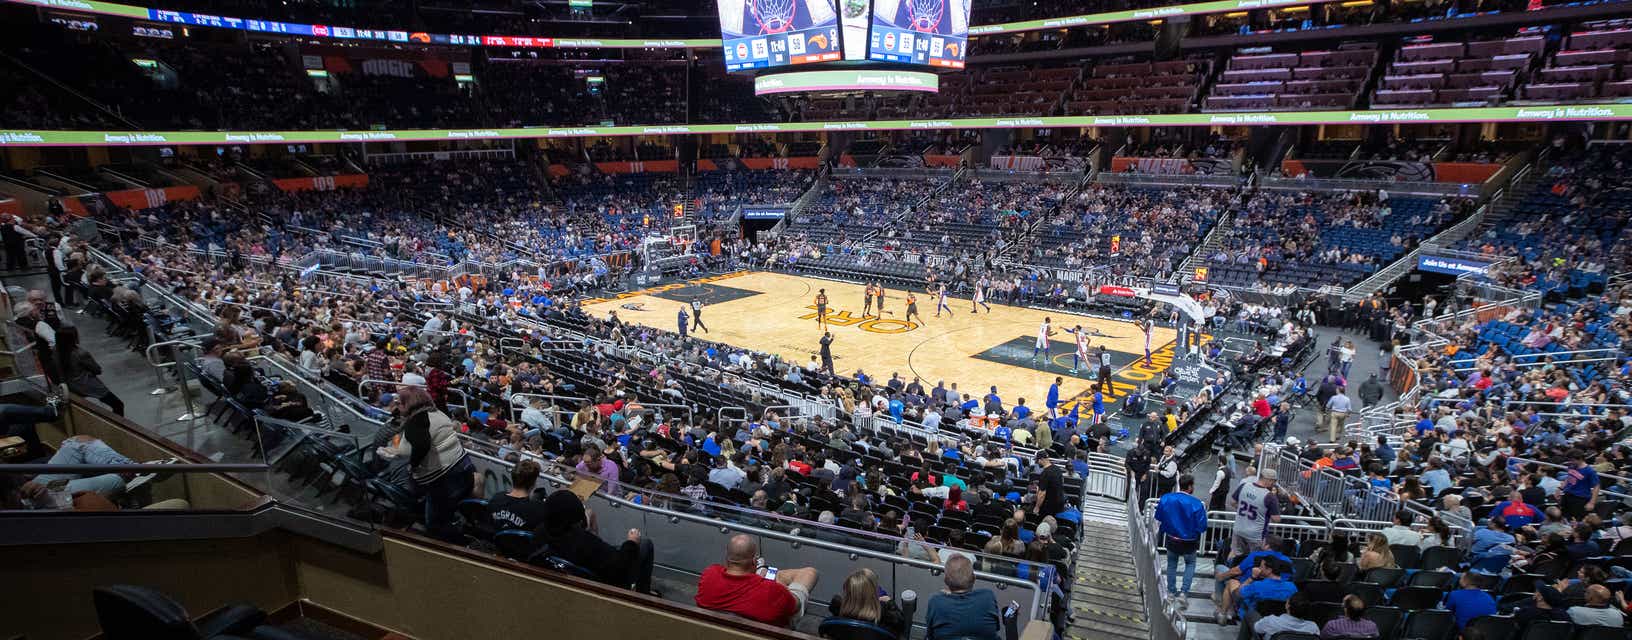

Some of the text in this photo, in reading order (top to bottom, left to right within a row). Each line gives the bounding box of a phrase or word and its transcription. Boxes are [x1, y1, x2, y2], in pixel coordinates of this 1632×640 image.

[362, 59, 415, 78] MAGIC
[1211, 115, 1235, 123] Amway
[1351, 113, 1379, 121] Amway
[1390, 112, 1428, 120] Nutrition.
[1517, 109, 1553, 119] Amway
[1567, 107, 1616, 118] Nutrition.
[630, 161, 643, 173] 111
[773, 158, 788, 169] 112
[145, 188, 167, 208] 108
[1423, 259, 1437, 267] Join
[1057, 270, 1083, 283] MAGIC
[1239, 500, 1258, 520] 25

────────

_PROBLEM TO WORK ON_
Please retype the listing exactly, leaving out any images.

_ANSWER_
Some of the text in this photo, in reading order (top to bottom, left to right within a row). Each line gives the bounding box of a phrase or word and its transcription. Boxes are [x1, y1, x2, y2], in pixel coordinates of this 1632×640 image.

[362, 59, 415, 78] MAGIC
[1211, 115, 1235, 123] Amway
[1351, 113, 1379, 121] Amway
[1390, 112, 1428, 120] Nutrition.
[1517, 109, 1553, 119] Amway
[1567, 107, 1616, 118] Nutrition.
[630, 161, 643, 173] 111
[773, 158, 788, 169] 112
[145, 188, 167, 208] 108
[1423, 259, 1437, 267] Join
[1057, 270, 1083, 283] MAGIC
[1239, 500, 1258, 520] 25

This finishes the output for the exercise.